5. THAT Lapfund (The 1st Interested Party) as Legal Owner of LR No. 209/6612 shall henceforth enter into legal agreements/Leases with the Tenants who are members of Mariakani Welfare Association (MEWA). The Tenants shall be afforded the first option to purchase in the event of a sale.
6. THAT the County Government of Nairobi shall upon the execution of this Agreement cease to have any lien on LR No. 209/6612 or to collect Rent or proceeds from the sales of the housing units.
7. THAT the Rent due for the first 12 months from the Tenants shall be paid directly to an Escrow A/C in the joint names of the Legal Representatives of Mewa and Lapfund.
8. THAT there be liberty to apply.”
61. An attempt to set aside the consent failed. Indeed B. M. Eboso, J in his ruling dated 13th December, 2018 dismissing the application to set aside the consent recorded before Gitumbi, J, re-affirmed that the dispute had been finalized when he held that:-
“20. The application by the County Government similarly suffers the same deficiency. I have carefully examined the statement of account which contains the unremitted billions owed by the County Government to the Provident Fund; the debt swap agreements; the letter dated 1/10/2012 from the Town Clerk of City Council of Nairobi to the Chairman of Transitional Authority conveying the Council’s resolution to swap the debts; Council’s Resolutions; approval of debt swap by the Permanent Secretary of the parent Ministry; the letter dated 3/12/2014 from the County Government to the Provident Fund confirming the value of the Estate; and the affidavit of the acting County Secretary opposing the first application and stating that there was no fraud, collusion or any agreement contrary to policy in the recording of the consent.
21. What emerges from the subsequent affidavit of Peter Kariuki is that the subsequent political administration of the County Government wishes to disengage from the commitments made by their political predessors. That in my view cannot be a ground for setting aside a consent order properly recorded. For the court to interfere with the consent order, the County Government must satisfy the jurisprudential criteria outlined above. Regrettably, it has not satisfied that criteria.
22. It is noted that the debt swap happened in August 2012 and the transfer in favour of the Provident Fund was effected in early 2013. The County Government has not brought any suit to challenge the debt swap. Similarly, it does not contest the fact that it owed and still owes the Provident Fund billions in unremitted pension money. In my view, the application by the County Government is notbona fide and is devoid of merit. The application is a ploy by the County Government to run away from its statutory obligation to pay pension deductions.”

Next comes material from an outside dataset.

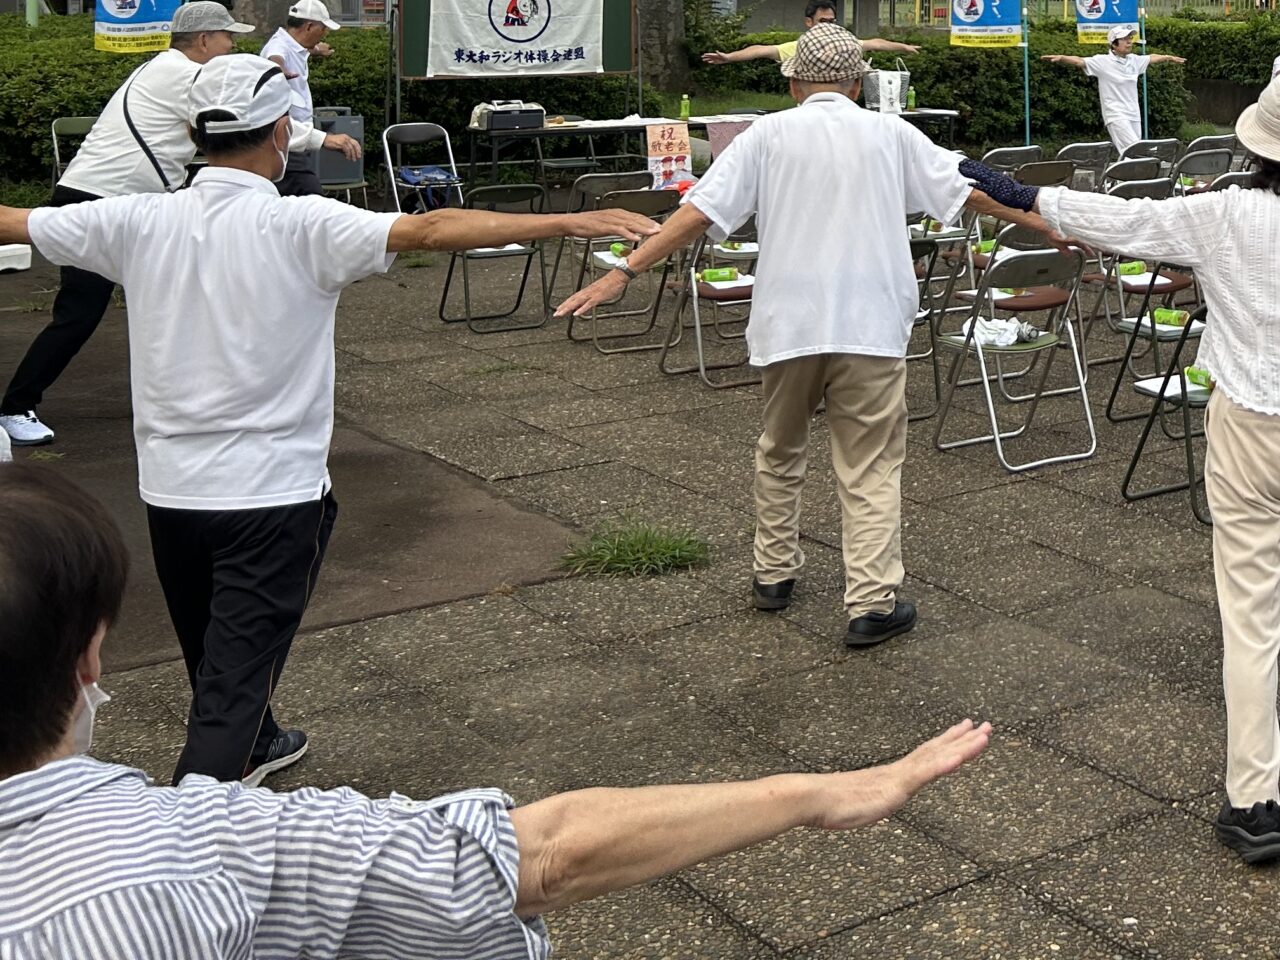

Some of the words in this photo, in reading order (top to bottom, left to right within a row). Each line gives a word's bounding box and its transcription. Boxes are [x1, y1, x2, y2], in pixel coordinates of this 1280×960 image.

[454, 47, 585, 64] 東大和ラジオ体操会連盟

62. One may say that the Petitioner was not a party to the matter before the Environment and Land Court. However, the truth of the matter is that he was a party to that case. As a resident of Mariakani Estate, he is a member of the 1st Interested Party herein. The 1st Interested Party was the plaintiff in the E & LC case.
63. The defence of res judicata is thus appropriate in the circumstances of this case. Once it is established that a matter is res judicata, the court has no business enquiring into the merits of the substantive issues raised in the matter. To do so will amount to reviewing a valid decision made by a court of competent and coordinate jurisdiction. The Petition is therefore dismissed.
64. This case is a good example of the term “abuse of the court process.” The interested parties applied to join this case on 22nd January, 2019 almost one month after they lost their application before B. M. Eboso, J to set aside the consent order recorded before Gitumbi, J. They were hoping to get through these proceedings that which they could not get in the Environment and Land Court. The Petitioner must have also known the existence of the case before the Environment & Land Court but failed to disclose the same when he filed this petition. In the circumstances, the Petitioner and the interested parties will jointly and severally meet the costs of the respondents in respect of these proceedings.
Dated, signed and delivered through email at Nairobi this 30th day of April 2020.